::: SOURCE DATA :::

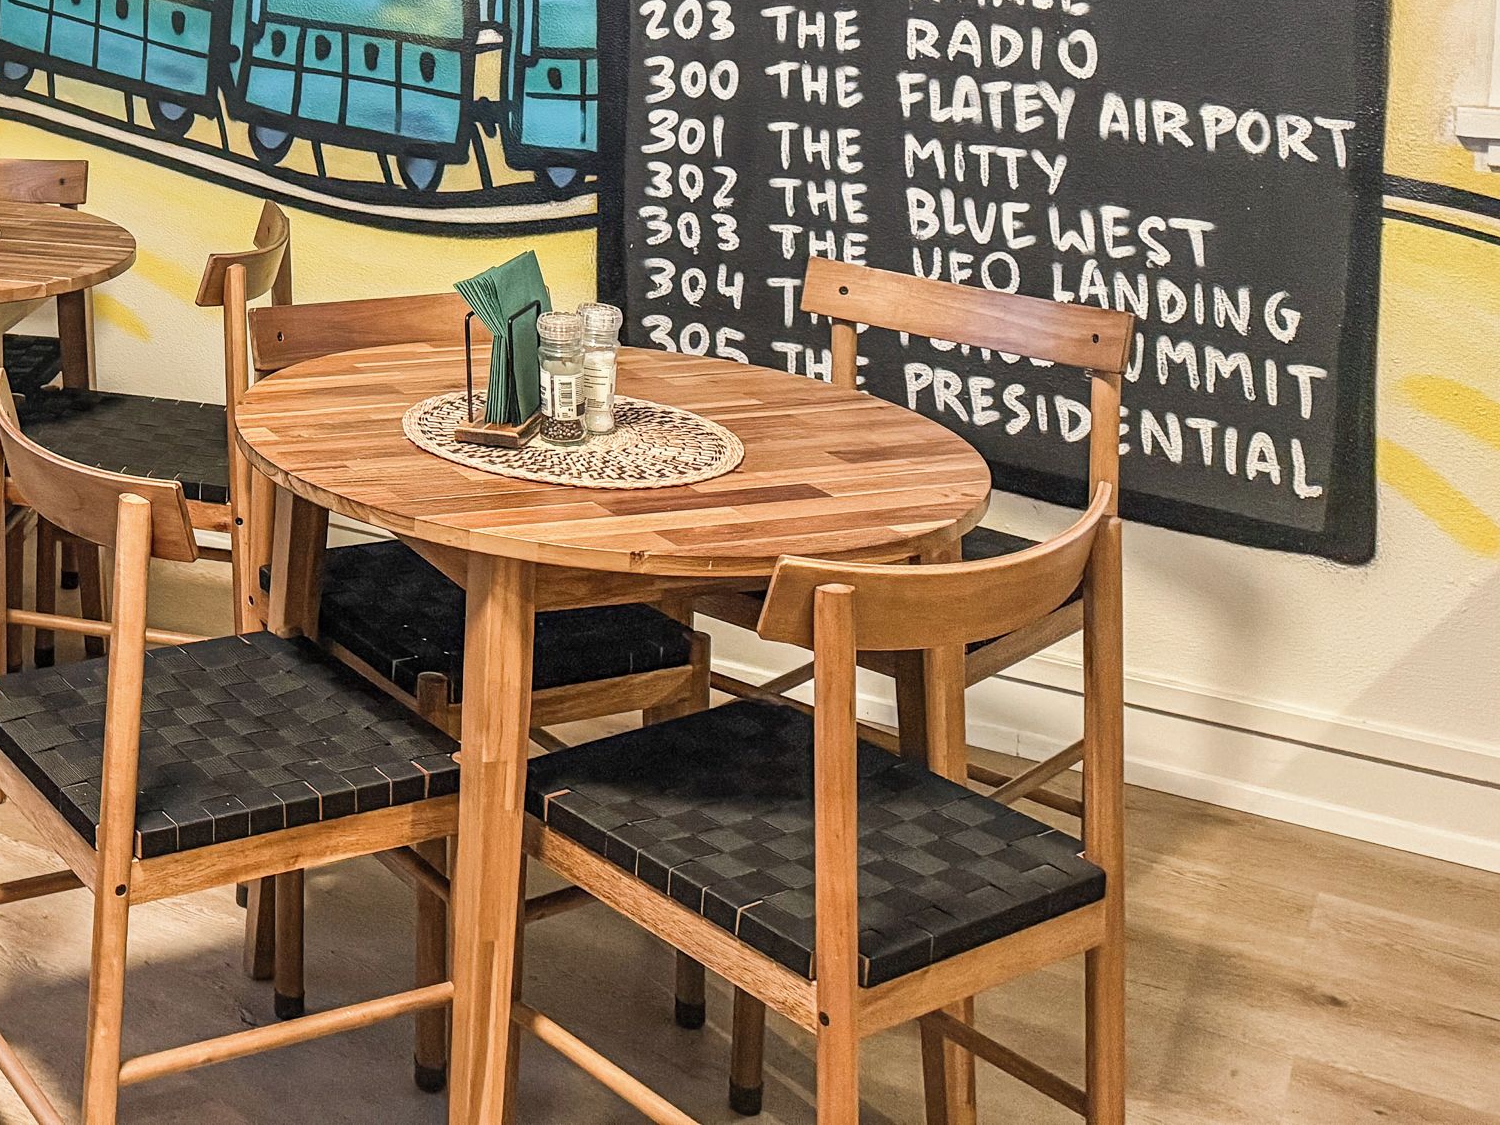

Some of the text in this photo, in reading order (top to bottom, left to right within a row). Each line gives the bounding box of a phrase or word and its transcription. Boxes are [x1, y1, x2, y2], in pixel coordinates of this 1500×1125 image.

[760, 5, 861, 54] THE
[906, 18, 1098, 80] RADIO
[640, 108, 1068, 196] 301 THE MITTY
[643, 55, 1356, 169] 300 THE FLATEY AIRPORT
[644, 161, 1215, 269] 302 THE BLUE WEST
[638, 205, 1301, 344] 303 THE UFO LANDING
[642, 314, 748, 364] 305
[644, 257, 744, 310] 304
[1084, 331, 1328, 420] UMMIT

:::

### REQUIREMENT
Exactly as they appear above, write out all the entries, but not the images.

### WORKED SOLUTION
Some of the text in this photo, in reading order (top to bottom, left to right within a row). Each line gives the bounding box of a phrase or word and its transcription. Boxes are [x1, y1, x2, y2], in pixel coordinates of this 1500×1125 image.

[760, 5, 861, 54] THE
[906, 18, 1098, 80] RADIO
[640, 108, 1068, 196] 301 THE MITTY
[643, 55, 1356, 169] 300 THE FLATEY AIRPORT
[644, 161, 1215, 269] 302 THE BLUE WEST
[638, 205, 1301, 344] 303 THE UFO LANDING
[642, 314, 748, 364] 305
[644, 257, 744, 310] 304
[1084, 331, 1328, 420] UMMIT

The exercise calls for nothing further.